__What you will do__
Repeat the following entries exactly, excluding pictures.

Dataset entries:
══════════════════════════════

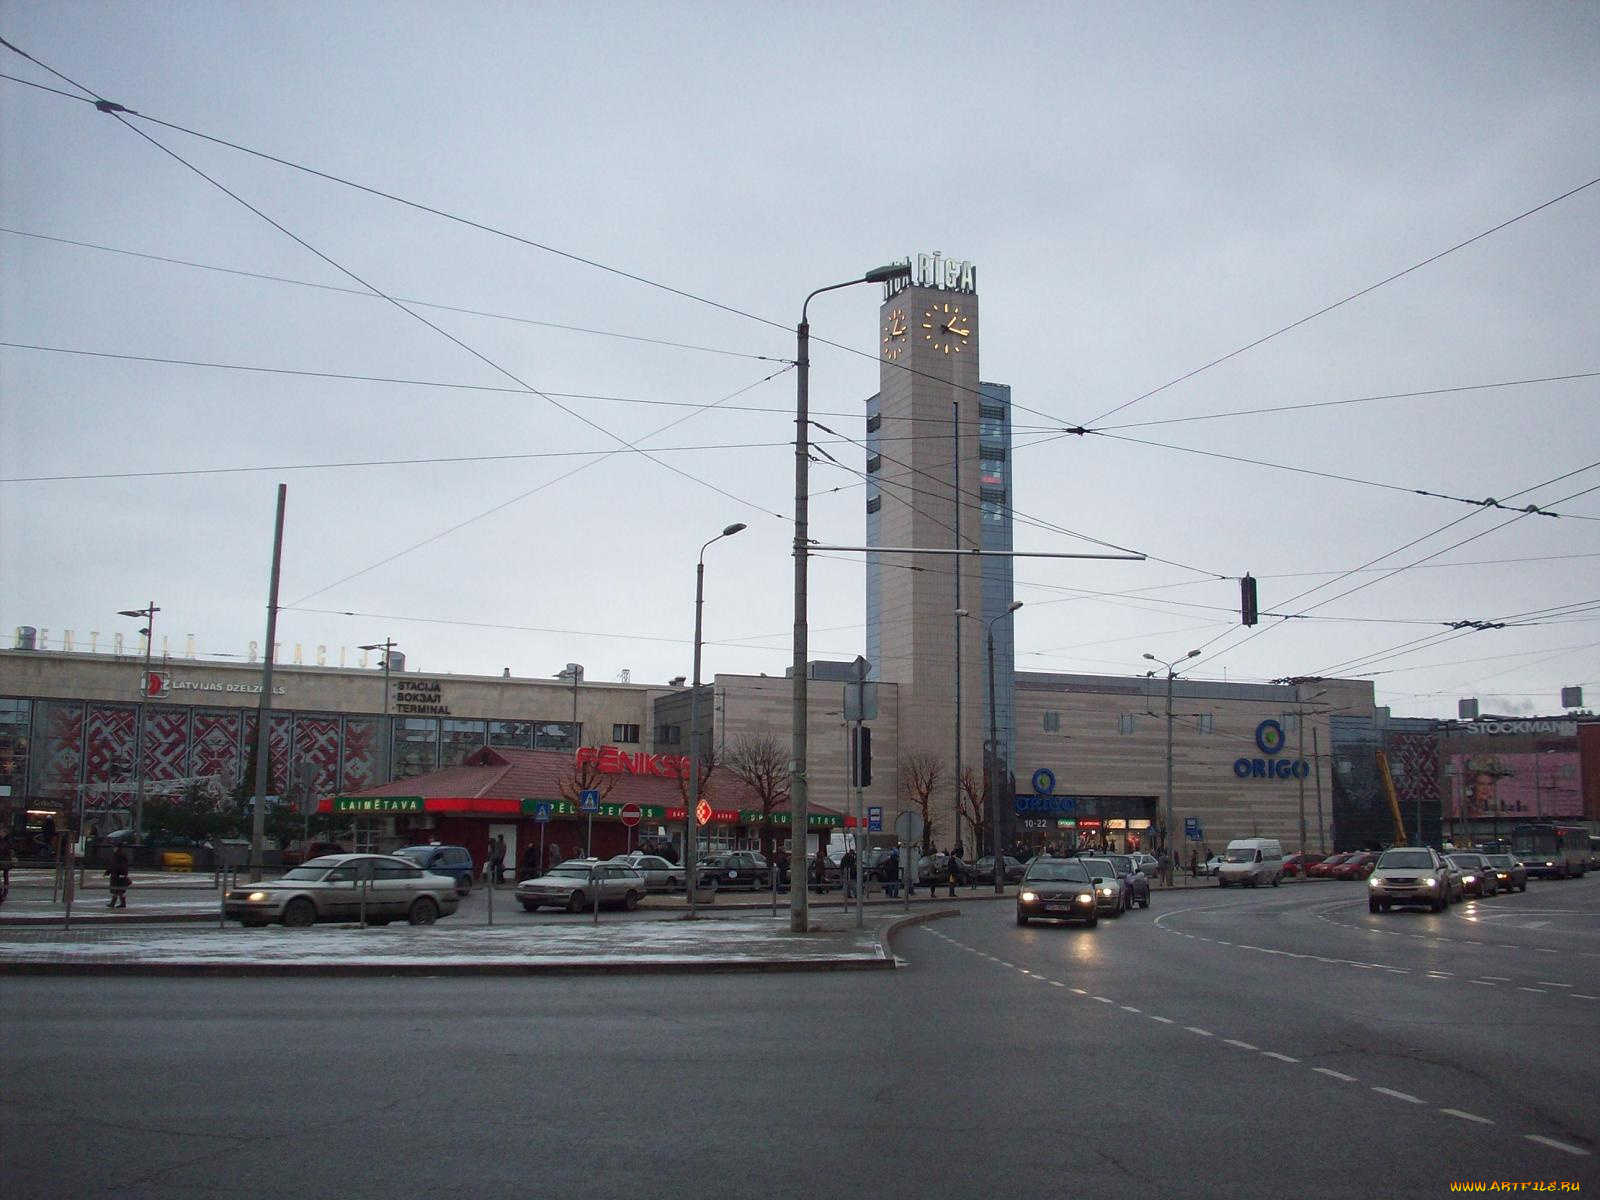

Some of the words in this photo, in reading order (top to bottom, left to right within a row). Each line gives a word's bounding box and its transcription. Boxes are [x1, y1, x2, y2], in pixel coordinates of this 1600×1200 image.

[917, 250, 976, 293] RĪGA
[172, 681, 223, 692] LATVIJAS
[398, 681, 441, 692] STACIJA
[397, 692, 441, 703] ВОКЗАЛ
[396, 703, 451, 714] TERMINAL
[1466, 720, 1578, 736] STOCKMANN
[1234, 757, 1310, 779] ORIGO
[341, 799, 417, 811] LAIMĒTAVA
[1024, 819, 1047, 828] 10-22

══════════════════════════════

__Answer to the exercise__
Some of the words in this photo, in reading order (top to bottom, left to right within a row). Each line gives a word's bounding box and its transcription. Boxes are [x1, y1, x2, y2], in pixel coordinates of this 1600×1200 image.

[917, 250, 976, 293] RĪGA
[172, 681, 223, 692] LATVIJAS
[398, 681, 441, 692] STACIJA
[397, 692, 441, 703] ВОКЗАЛ
[396, 703, 451, 714] TERMINAL
[1466, 720, 1578, 736] STOCKMANN
[1234, 757, 1310, 779] ORIGO
[341, 799, 417, 811] LAIMĒTAVA
[1024, 819, 1047, 828] 10-22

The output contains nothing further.